Thermodynamics is the study of the conversion of heat energy into other forms of energy. In our lesson on thermodynamics we learned the three laws of thermodynamics. They are not always obvious or intuitive: without careful study it is easy to misunderstand their implications.
In particular, many people have misconceptions about the 2nd law of thermodynamics. One common question is “Does the Big Bang theory violate the second law of thermodynamics?”; click the link for a discussion on that topic.
Another question which often arises is “Does evolution violate the 2nd law of thermodynamics?” We’ll address that question here, with a discussion from Five Major Misconceptions about Evolution, © 1995-1997 Mark Isaak
This shows more a misconception about thermodynamics than about evolution. The second law of thermodynamics says, “No process is possible in which the sole result is the transfer of energy from a cooler to a hotter body.” [Atkins, 1984, The Second Law, pg. 25]
Now you may be scratching your head wondering what this has to do with evolution. The confusion arises when the 2nd law is phrased in another equivalent way, “The entropy of a closed system cannot decrease.”

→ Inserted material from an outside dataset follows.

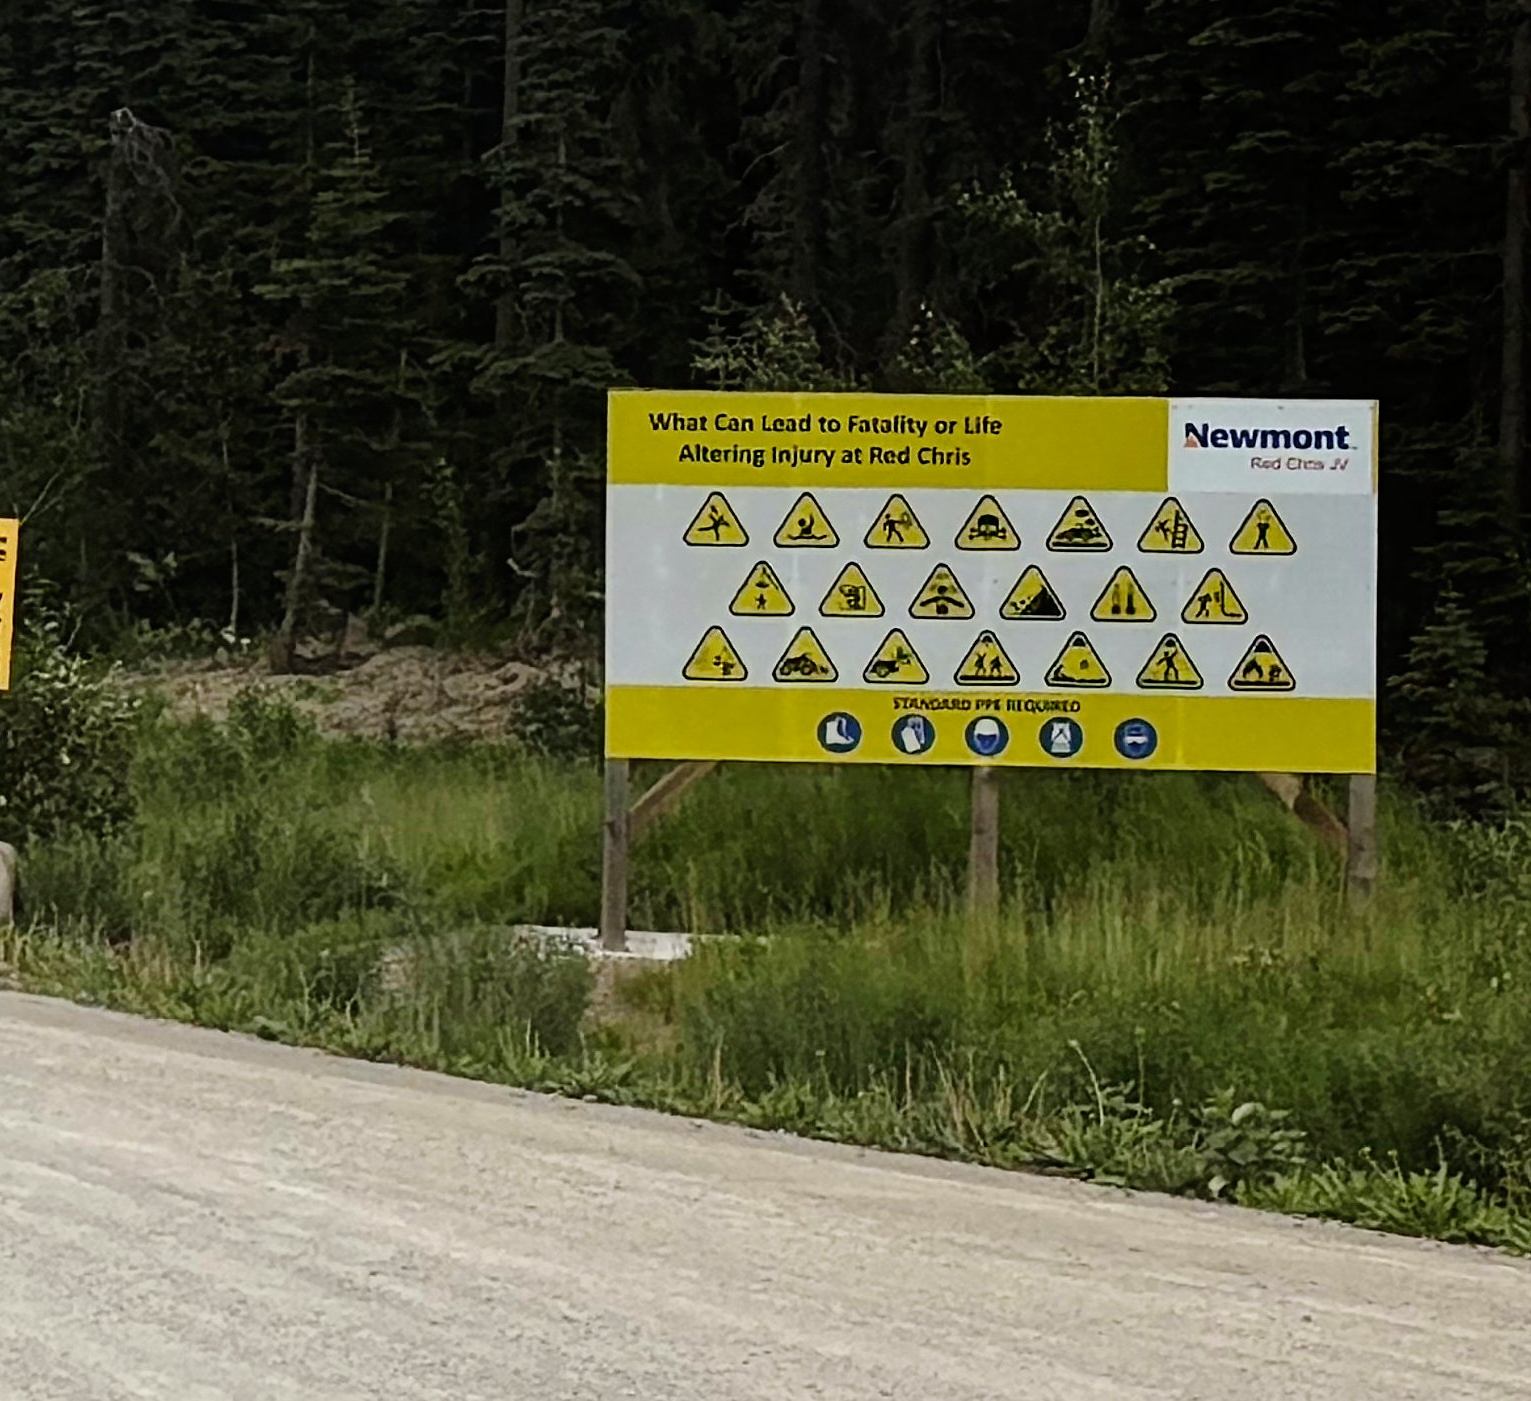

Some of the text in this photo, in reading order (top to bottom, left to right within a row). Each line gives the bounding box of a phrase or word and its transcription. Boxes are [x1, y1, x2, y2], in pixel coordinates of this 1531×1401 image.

Entropy is an indication of unusable energy and often (but not always!) corresponds to intuitive notions of disorder or randomness. Creationists thus misinterpret the 2nd law to say that things invariably progress from order to disorder.
However, they neglect the fact that life is not a closed system. The sun provides more than enough energy to drive things. If a mature tomato plant can have more usable energy than the seed it grew from, why should anyone expect that the next generation of tomatoes can’t have more usable energy still?

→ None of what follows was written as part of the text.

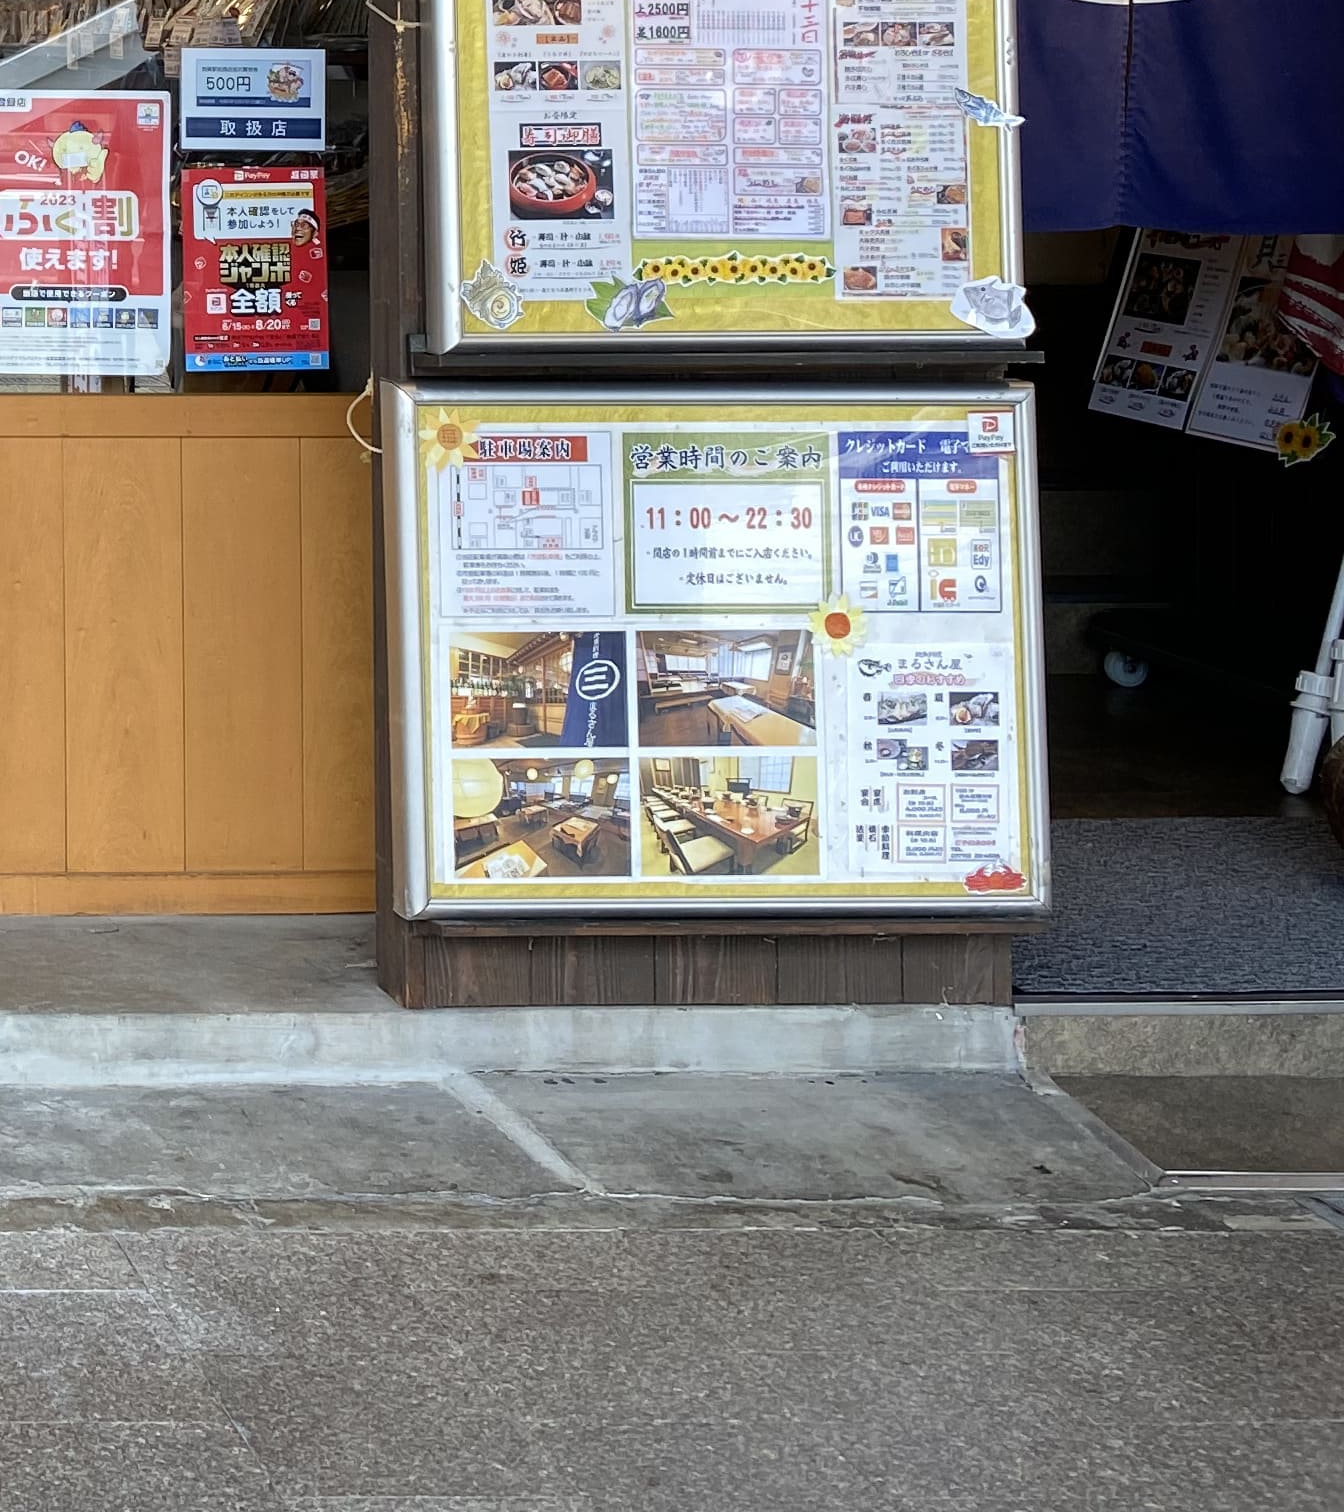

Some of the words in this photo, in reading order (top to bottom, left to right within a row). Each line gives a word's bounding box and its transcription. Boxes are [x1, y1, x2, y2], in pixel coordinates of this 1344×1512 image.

Creationists sometimes try to get around this by claiming that the information carried by living things lets them create order. However, not only is life irrelevant to the 2nd law, but order from disorder is common in nonliving systems, too:
* sand dunes
* graded river beds
* and lightning
are just a few examples of order coming from disorder in nature; none require an intelligent program to achieve that order. In any nontrivial system with lots of energy flowing through it, you are almost certain to find order arising somewhere in the system. If order from disorder is supposed to violate the 2nd law of thermodynamics, why is it ubiquitous in nature?

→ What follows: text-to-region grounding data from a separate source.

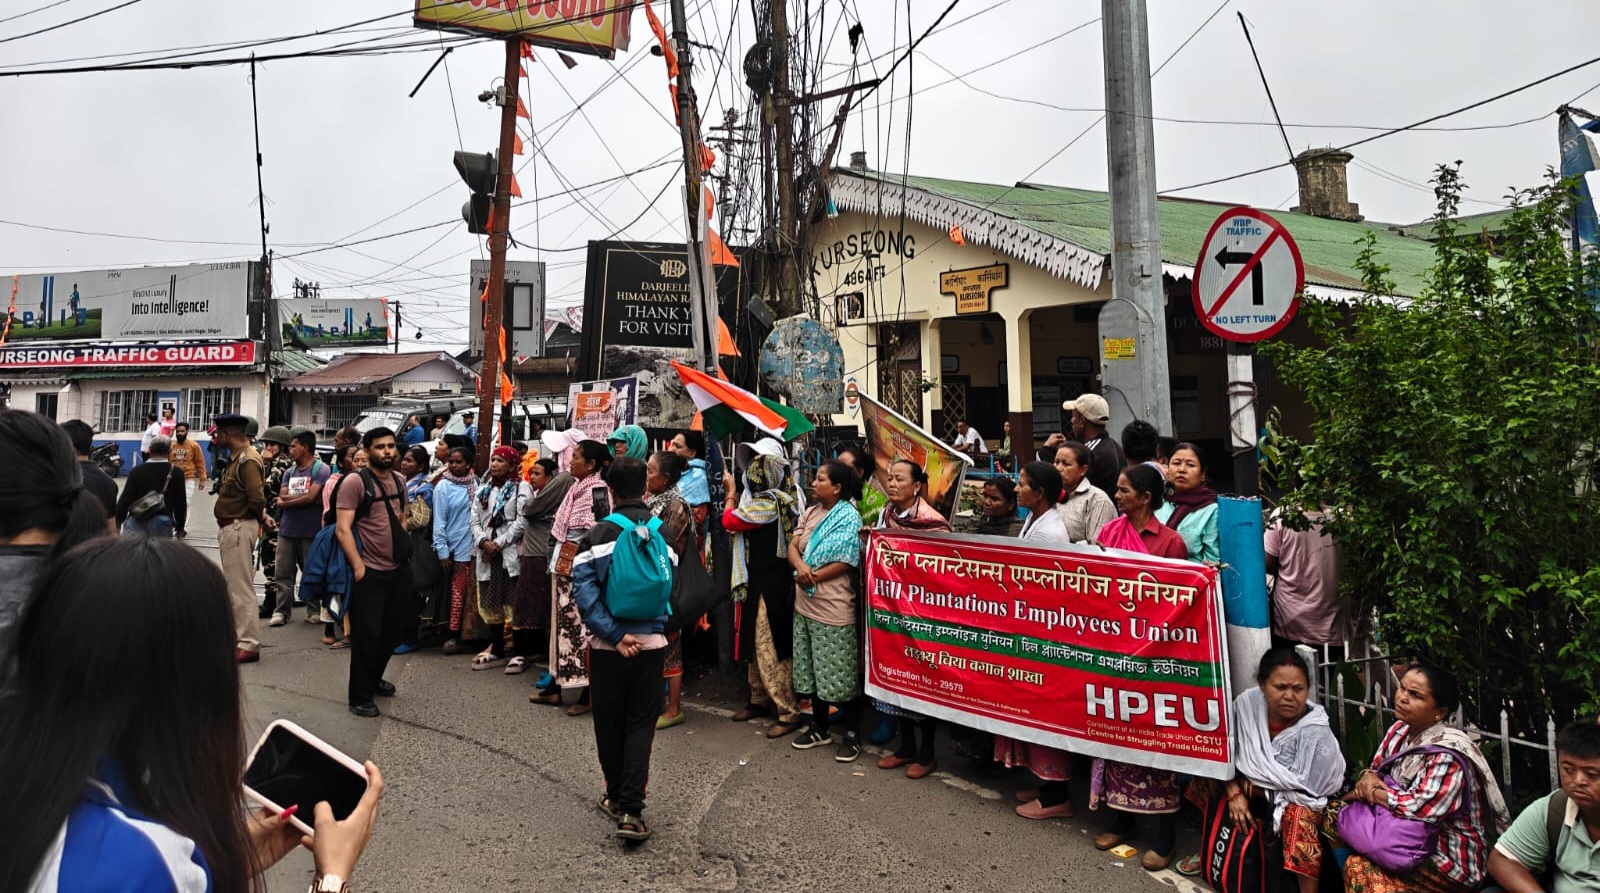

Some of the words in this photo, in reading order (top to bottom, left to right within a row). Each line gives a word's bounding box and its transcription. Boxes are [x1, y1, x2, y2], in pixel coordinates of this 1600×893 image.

[1233, 218, 1252, 226] WBP
[642, 282, 690, 292] DARJEELI
[617, 292, 678, 302] HIMALAYAN
[960, 291, 985, 301] KURSEONG
[132, 302, 148, 315] Into
[625, 305, 679, 320] THANK
[1231, 316, 1250, 324] LEFT
[619, 321, 649, 334] FOR
[654, 323, 692, 336] VISIT
[1200, 337, 1223, 348] 1881
[81, 347, 158, 362] TRAFFIC
[165, 346, 235, 361] GUARD
[876, 540, 910, 569] हिल
[1117, 572, 1198, 612] युनियन
[873, 578, 902, 600] Hill
[908, 584, 1008, 617] Plantations
[1014, 600, 1121, 635] Employees
[1129, 617, 1198, 644] Union
[874, 609, 891, 626] हिल
[981, 631, 1014, 650] युनियन
[1152, 658, 1199, 677] ইউনিয়ন
[938, 650, 966, 669] चिया
[1008, 667, 1044, 685] शाखा
[922, 675, 932, 684] No
[940, 680, 963, 692] 29579
[1086, 683, 1220, 732] HPEU
[1087, 720, 1119, 730] Constituent
[1156, 731, 1173, 739] Trade
[1195, 735, 1222, 746] CSTU
[1088, 728, 1114, 738] (Centre
[1127, 736, 1166, 749] Struggling
[1167, 742, 1190, 750] Trade
[1192, 745, 1222, 756] Unions)
[1212, 826, 1230, 882] SONY

The overall direction of change in the universe is from less probable (more organized) states to more probable (less organized) states. Life does not “oppose” this but rather makes use of it. The “downhill” movement can be used to raise things “uphill” (just as water flowing downhill through a water wheel can be used to raise a weight). There is, however, always a net loss of organization in the process.
For life on earth, the dissipation of energy from the sun is the downhill movement. Photosynthesis creates “uphill” molecules which in turn can be used in cellular respiration to create additional “uphill” molecules from which, in turn, all of the “uphill” organization of life and culture derive.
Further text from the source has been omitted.